I have been looking at clustering infrared spectroscopy data with the sklearn clustering methods. I am having trouble getting the clustering to work with the data, since I'm new to this I don't know if the way I'm coding it is wrong or my approach is wrong.
My data, in Pandas DataFrame format, looks like this:
Index Wavenumbers (cm-1) %Transmission_i ...
0 650 100 ...
. . . ...
. . . ...
. . . ...
n 4000 95 ...
where, the x-axis for all spectra is the Wavenumbers (cm-1) column and the subsequent columns (%Transmission_i) are the actual data. I want to cluster these columns (in terms of which spectra are most similar to each other), as such I am trying this code:
X = np.array([list(df[x].values) for x in df.set_index(x)])
clusters = DBSCAN().fit(X)
where df is my DataFrame, and np is numpy (hopefully obvious). The problem is when I print out the cluster labels it just spits out nothing but -1 which means all my data is noise.

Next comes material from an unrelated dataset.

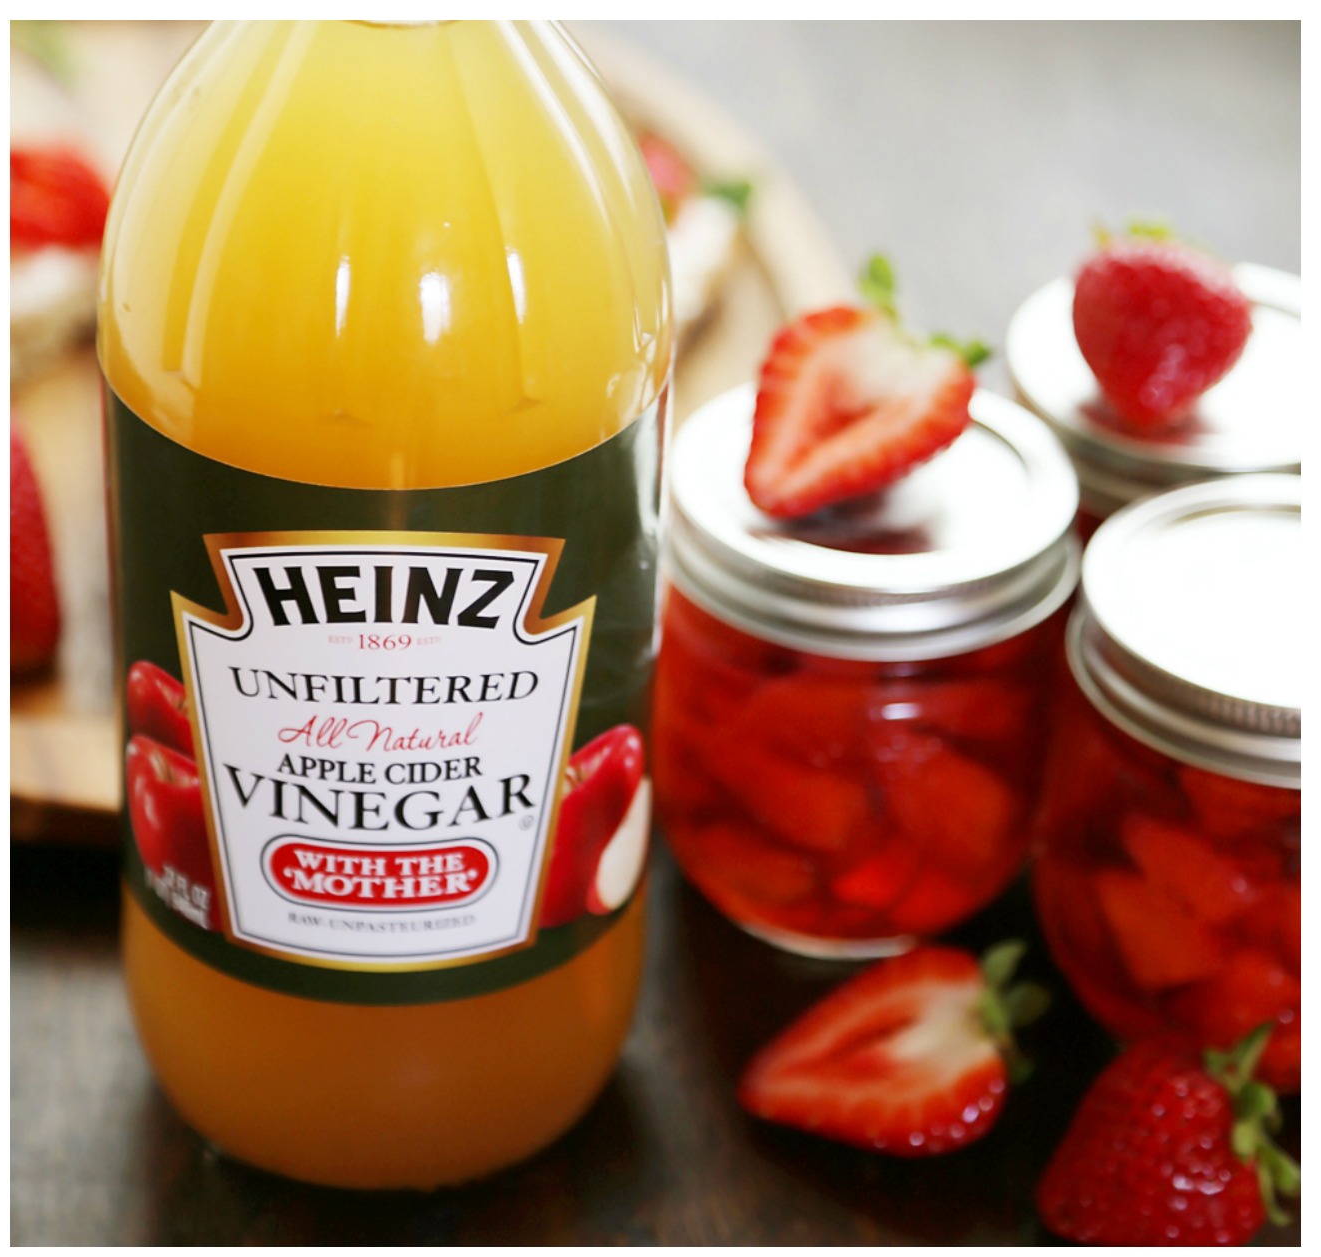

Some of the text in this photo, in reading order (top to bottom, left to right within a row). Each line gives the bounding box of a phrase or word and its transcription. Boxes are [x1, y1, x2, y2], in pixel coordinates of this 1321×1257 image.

This isn't the case, when I plot my data I can clearly see a some spectra look very similar (as they should).
How can I get the similar spectra to be clustered properly?
EDIT: Here is a minimum working example.
import numpy as np
import pandas as pd
import sklearn as sk
import matplotlib.pyplot as plt
from sklearn.cluster import DBSCAN
x = 'x-vals'
def cluster_data(df):
avg_list = []
dif_list = []
for col in df:
if x == col:
continue
avg_list.append(np.mean(df[col].values))
dif_list.append(np.mean(np.diff(df[col].values)))
a = sk.preprocessing.normalize([avg_list], norm='max')[0]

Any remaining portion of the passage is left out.